A potentially interesting finding is the increase of the BPND_MP to BPND_DTBZ ratio for very high levels of denervation (Fig. 1). Obviously more complex studies involving animals with very high degrees of denervation are needed to investigate this behavior and no conclusions can be drawn from this data set, especially, since at such high level of denervation the measured parameters are numerically very small. However, it can be stated that no obvious imaging-related methodological problems have been observed: as mentioned, partial volume effects are unlikely to explain this trend and neither do these animals appear as obvious outliers when PET data are compared with post-mortem binding (Fig. 4). Abnormal behavior of DAT in the presence of severe VMAT2 deficiency have been however suggested previously (Patel et al. 2003).

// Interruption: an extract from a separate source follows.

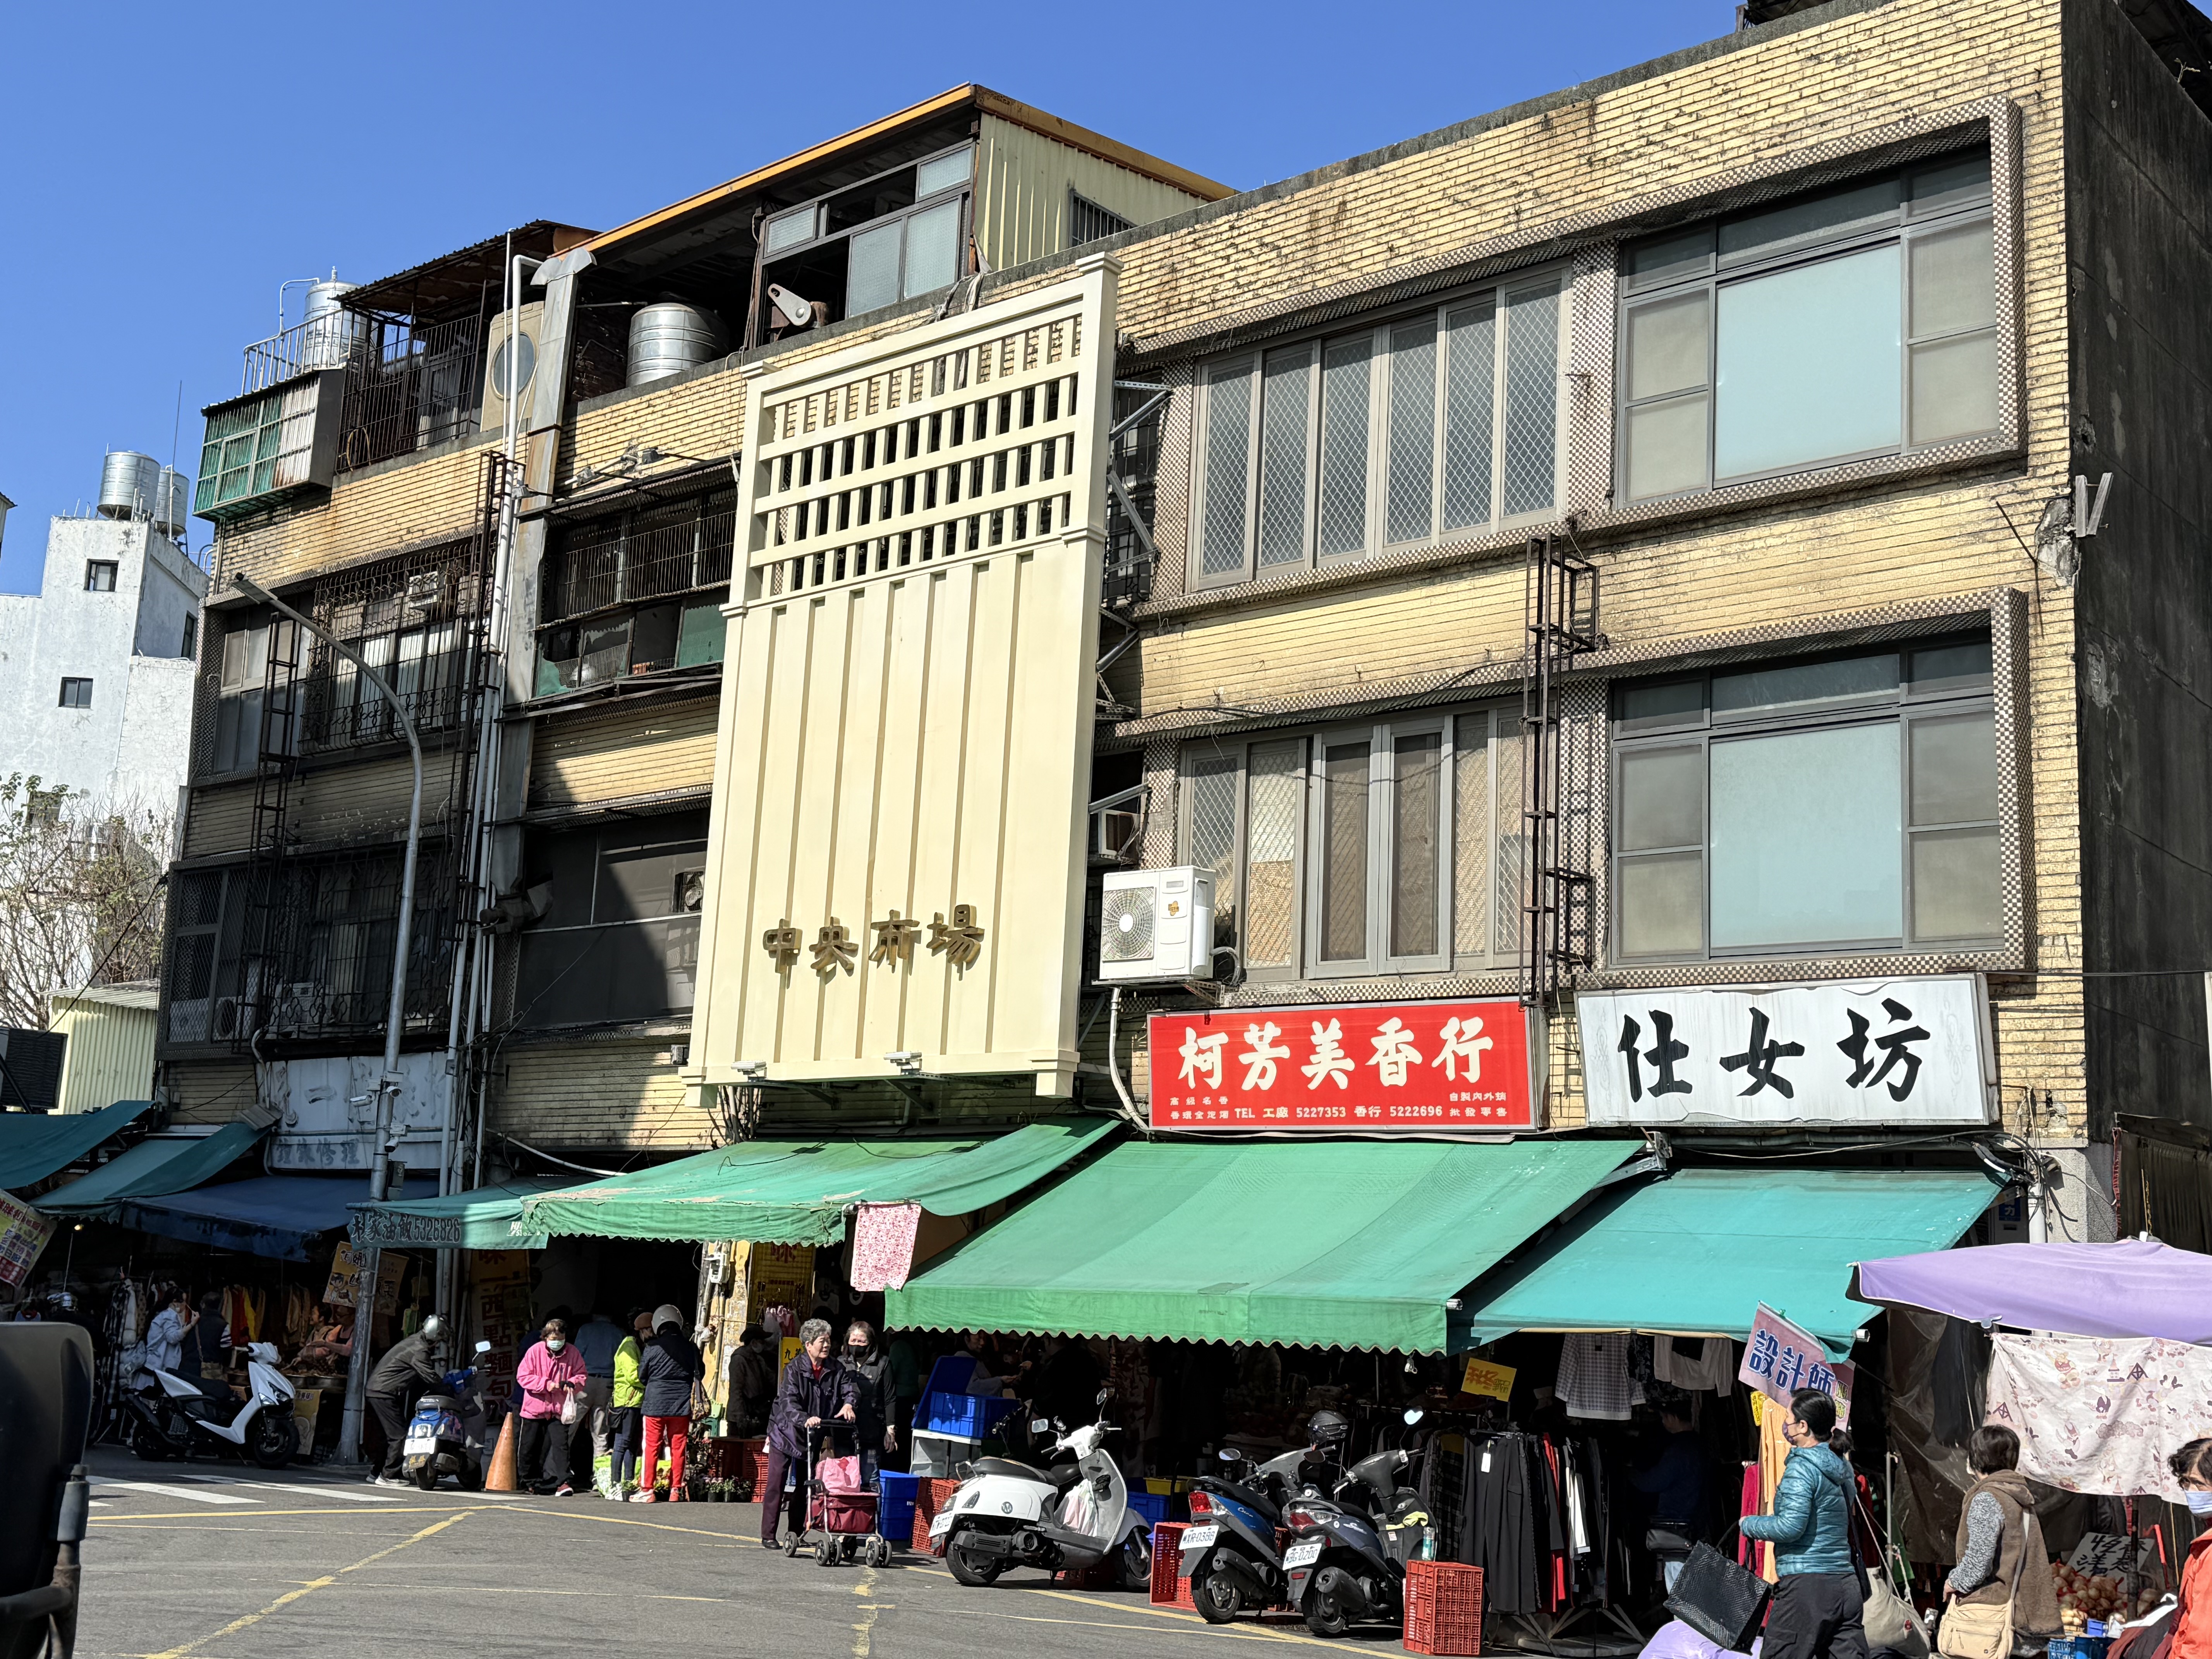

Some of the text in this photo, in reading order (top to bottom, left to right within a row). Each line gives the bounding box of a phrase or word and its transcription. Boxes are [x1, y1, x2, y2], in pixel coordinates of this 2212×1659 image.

There are clearly limitations to this study. First, it was performed on a rat model of PD that differs from human disease. Nonetheless, the virtually identical relationships among the PET data measured in the current study and in a similar human study argue towards strong similarities between this model and human disease. Second, PD-like symptoms have been induced by a well-defined acute mechanism in rats, while the etiology of PD remains unknown and the disease itself progresses; in this study, we are not following progressive adaptive changes, but rather taking a snapshot of the relationships between regulatory changes at different, fixed levels of denervation. There are also data showing that a unilateral lesion might affect the contralateral side as well (Nikolaus et al. 2002), while in this study the contralateral side is used for control values. While the results presented here do not eliminate the possibility of some contralateral effect, such effect must be limited, since no significant relations between the observed variables were found for the unlesioned side.
Despite these caveats, the present study provides a plausible scenario that might be applicable to at least a subset of PD patients. Similar studies performed on different animal models of PD are required to ascertain whether this is a common mechanism or limited to specific disease origins.
In summary, this study shows, using multi-tracer in vivo imaging and the 6-OHDA rodent model of PD, that regulatory changes strive to normalize synaptic DA levels throughout the range of denervation examined and that DAT is consistently functionally related to levodopa-derived changes in synaptic DA levels for levels of dopaminergic denervation ranging from 20% to 90% with lower DAT levels being associated with higher changes. This may explain why relatively low DAT levels may provide an effective compensatory mechanism in a situation of mild dopaminergic deficit, when the system is still able to maintain sufficient endogenous DA levels in the synapse, while increasing the propensity to treatment-induced motor complication at more advanced levels of dopaminergic denervation.